Both candidates agreed that the state’s budget is in good shape considering the impact of the COVID pandemic. Taylor said budget analysts are projecting a 6% revenue growth this year in spite of the pandemic.

“For a Democrat I’m very conservative. I don’t buy things I don’t need and I want the state to do that, too,” Taylor said.

“Pay for the police, the fire, garbage pickup. Pay for what we should be paying. But I don’t need a Cadillac, I just want a good Chevy. That’s how I am personally. So when they call us Tax and Spend Democrats, that’s just not true.”

Taylor said military careers like he and Reichman have don’t prepare you for dealing with people on a personal level.

“That will be a big difference compared to Jeff’s military career. He doesn’t understand the people of southeast Iowa like he needs to. I was in the National Guard for seven and a half years and the military didn’t teach me people skills. It taught me other things, but not how to reach people,” he said.

Taylor said the pandemic kept him from being able to go door-to-door as much as he has in the past and he said his misses that interaction and getting to hear from constituents about their problems over a kitchen table.

“Campaign people would get upset with me because I would spend an hour or so at one house. But that’s what I like to do,” he said. “Find out deep down what problems they have and what can I do to help at the state level.”
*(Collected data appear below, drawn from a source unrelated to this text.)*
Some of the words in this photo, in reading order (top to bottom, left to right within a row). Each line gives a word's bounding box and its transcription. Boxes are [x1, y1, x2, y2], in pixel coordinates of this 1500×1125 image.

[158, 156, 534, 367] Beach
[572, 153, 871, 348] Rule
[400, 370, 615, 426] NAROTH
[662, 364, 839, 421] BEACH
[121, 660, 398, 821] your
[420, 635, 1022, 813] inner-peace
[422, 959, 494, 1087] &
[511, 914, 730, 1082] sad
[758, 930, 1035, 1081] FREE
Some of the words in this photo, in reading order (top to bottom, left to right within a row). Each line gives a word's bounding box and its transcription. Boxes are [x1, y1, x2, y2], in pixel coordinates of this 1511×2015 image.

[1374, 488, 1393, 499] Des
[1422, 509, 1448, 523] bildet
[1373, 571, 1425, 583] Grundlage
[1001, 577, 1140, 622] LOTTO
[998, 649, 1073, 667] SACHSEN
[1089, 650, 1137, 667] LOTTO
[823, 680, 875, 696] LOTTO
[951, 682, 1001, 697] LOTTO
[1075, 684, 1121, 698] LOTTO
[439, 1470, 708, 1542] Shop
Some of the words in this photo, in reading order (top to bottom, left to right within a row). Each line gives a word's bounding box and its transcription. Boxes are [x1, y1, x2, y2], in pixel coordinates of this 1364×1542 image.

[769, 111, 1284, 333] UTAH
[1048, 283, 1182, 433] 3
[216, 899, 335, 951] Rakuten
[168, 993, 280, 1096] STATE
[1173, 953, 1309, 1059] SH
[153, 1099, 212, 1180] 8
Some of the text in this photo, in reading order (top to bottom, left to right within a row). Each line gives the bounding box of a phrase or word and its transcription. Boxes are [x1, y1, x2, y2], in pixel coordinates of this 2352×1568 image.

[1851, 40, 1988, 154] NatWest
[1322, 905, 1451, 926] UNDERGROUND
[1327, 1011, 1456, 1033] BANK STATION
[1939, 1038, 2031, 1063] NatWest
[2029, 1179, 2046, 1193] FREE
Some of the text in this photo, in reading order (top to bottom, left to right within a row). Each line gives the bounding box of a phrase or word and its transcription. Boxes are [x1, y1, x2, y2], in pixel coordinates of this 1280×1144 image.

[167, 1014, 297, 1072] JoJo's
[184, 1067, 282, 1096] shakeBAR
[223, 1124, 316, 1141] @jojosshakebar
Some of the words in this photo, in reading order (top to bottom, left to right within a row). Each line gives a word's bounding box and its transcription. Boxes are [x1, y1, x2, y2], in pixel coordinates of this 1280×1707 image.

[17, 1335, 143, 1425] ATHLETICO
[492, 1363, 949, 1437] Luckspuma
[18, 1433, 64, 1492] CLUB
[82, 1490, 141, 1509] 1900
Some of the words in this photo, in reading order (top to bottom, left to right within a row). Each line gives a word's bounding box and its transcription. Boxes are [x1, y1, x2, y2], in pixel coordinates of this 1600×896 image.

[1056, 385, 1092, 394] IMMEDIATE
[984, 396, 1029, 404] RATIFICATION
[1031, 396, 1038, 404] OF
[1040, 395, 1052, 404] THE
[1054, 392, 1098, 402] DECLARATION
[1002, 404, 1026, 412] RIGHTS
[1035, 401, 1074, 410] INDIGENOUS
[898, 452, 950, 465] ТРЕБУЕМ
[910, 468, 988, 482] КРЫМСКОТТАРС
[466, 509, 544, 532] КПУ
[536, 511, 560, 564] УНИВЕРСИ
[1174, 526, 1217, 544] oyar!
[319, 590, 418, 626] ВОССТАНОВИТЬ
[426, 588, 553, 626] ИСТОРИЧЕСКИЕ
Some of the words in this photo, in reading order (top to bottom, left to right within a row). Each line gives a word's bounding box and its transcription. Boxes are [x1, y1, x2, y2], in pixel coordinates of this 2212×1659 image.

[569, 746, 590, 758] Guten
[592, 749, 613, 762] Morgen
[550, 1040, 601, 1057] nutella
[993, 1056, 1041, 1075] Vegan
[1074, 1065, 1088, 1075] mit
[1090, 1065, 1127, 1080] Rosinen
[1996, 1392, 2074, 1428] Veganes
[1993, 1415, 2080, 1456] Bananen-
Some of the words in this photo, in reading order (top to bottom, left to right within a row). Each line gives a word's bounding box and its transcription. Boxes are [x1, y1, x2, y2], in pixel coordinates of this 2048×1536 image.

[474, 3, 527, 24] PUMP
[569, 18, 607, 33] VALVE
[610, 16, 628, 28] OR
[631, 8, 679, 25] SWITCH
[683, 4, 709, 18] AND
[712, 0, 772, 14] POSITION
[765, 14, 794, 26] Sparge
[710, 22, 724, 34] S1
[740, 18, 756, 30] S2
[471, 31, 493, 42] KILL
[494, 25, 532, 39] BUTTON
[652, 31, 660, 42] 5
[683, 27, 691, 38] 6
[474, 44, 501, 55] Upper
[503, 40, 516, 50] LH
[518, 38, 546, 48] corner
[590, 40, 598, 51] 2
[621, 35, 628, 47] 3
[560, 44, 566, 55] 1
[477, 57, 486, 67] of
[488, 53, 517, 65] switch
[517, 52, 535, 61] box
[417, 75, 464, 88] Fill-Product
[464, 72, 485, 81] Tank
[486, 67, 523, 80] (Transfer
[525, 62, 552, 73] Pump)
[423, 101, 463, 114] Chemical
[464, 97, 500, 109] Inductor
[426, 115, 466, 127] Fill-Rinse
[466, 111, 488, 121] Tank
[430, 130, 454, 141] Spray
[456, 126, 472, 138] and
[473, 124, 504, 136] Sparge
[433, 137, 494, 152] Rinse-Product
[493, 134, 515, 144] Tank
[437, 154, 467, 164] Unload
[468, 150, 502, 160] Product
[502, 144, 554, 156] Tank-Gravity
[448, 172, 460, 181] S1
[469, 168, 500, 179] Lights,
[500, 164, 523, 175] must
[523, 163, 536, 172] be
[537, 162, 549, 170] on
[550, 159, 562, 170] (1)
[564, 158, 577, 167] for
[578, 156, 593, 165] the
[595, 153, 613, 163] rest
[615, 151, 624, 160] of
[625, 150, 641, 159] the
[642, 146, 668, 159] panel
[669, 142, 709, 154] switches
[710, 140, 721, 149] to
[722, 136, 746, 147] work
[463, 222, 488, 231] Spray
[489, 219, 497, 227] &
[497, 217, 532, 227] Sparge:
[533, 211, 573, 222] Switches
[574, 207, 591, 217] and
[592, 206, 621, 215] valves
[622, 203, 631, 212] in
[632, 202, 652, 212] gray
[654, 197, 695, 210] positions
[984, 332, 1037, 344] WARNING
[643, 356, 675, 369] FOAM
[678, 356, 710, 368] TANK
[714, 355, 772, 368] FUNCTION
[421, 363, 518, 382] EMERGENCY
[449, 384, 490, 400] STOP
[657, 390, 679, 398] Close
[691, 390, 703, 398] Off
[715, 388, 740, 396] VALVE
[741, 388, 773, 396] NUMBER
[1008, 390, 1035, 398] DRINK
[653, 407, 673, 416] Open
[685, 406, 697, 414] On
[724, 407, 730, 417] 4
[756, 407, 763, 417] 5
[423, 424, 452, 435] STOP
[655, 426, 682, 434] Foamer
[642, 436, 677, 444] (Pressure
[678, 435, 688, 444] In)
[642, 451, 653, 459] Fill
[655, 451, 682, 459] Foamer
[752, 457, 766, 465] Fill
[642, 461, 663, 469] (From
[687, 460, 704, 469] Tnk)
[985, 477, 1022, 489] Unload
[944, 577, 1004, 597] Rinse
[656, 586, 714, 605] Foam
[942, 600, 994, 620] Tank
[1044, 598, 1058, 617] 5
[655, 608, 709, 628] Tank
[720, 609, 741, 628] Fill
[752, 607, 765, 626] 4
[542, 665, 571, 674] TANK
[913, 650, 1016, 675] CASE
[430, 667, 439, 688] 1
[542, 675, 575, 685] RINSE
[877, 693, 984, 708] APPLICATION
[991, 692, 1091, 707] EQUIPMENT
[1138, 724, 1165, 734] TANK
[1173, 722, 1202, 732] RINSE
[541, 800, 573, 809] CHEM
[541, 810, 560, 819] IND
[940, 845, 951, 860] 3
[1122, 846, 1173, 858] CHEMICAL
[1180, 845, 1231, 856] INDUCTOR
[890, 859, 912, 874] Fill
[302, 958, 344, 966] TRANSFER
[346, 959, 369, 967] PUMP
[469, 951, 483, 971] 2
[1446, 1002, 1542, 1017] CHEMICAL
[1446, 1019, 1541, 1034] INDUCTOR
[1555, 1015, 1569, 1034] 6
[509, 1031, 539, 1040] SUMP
Reichman said he’s been able to get out and do some of the door-to-door work getting to know people up in Henry County and other areas of the district.

“COVID is still lingering around and still an issue, but the good news is, we’ve been able to get out and knock on doors. I’ve knocked on 1,000s of doors myself,” he said.

“Luckily, we got through the primary without knowing a lot of people in Henry County, but we’re building on those relationships and meeting people and there’s great excitement to see their candidate on the door steps.”

Taylor said other issues that need to be address at the legislature are water quality, fully funding the judiciary, free pre-school, classifying ambulance service as essential in the state, and redemption issues.

“I think the ambulance service thing will be huge his year. I think the virus has taught us we have to something here and I think it’s taught us we have to do something with redemption centers,” Taylor said.

He said the state has to move to make that more profitable and favorable to business operators, or the cans will end up damaging the environment.

“It all kind of goes together. If you’re not recycling, your stuff usually ends up in your water.”

Reichman said redemption plans in the state do need revamped. He said those are 40-year-old regulations and they need to updated to make the process simpler and reimbursements quicker for operators.

Reichman said his transitioning back to southeast Iowa has made him realize how important it is to have representation in Des Moines that reflects the needs of southeast Iowa.

“My family is here and this is where I’m from,” he said. “But I feel my greatest fulfillment is helping and serving a greater cause, and the driving factor in that was my transition back to southeast Iowa.”

Reichman said he could have built a better professional life in other areas, but he wanted to come back to his family and roots.

“I remember my grandfather passing away when I was a young man and as close as we were, you always want more time,” he said. “I just didn’t want to pass up on anymore missed time.”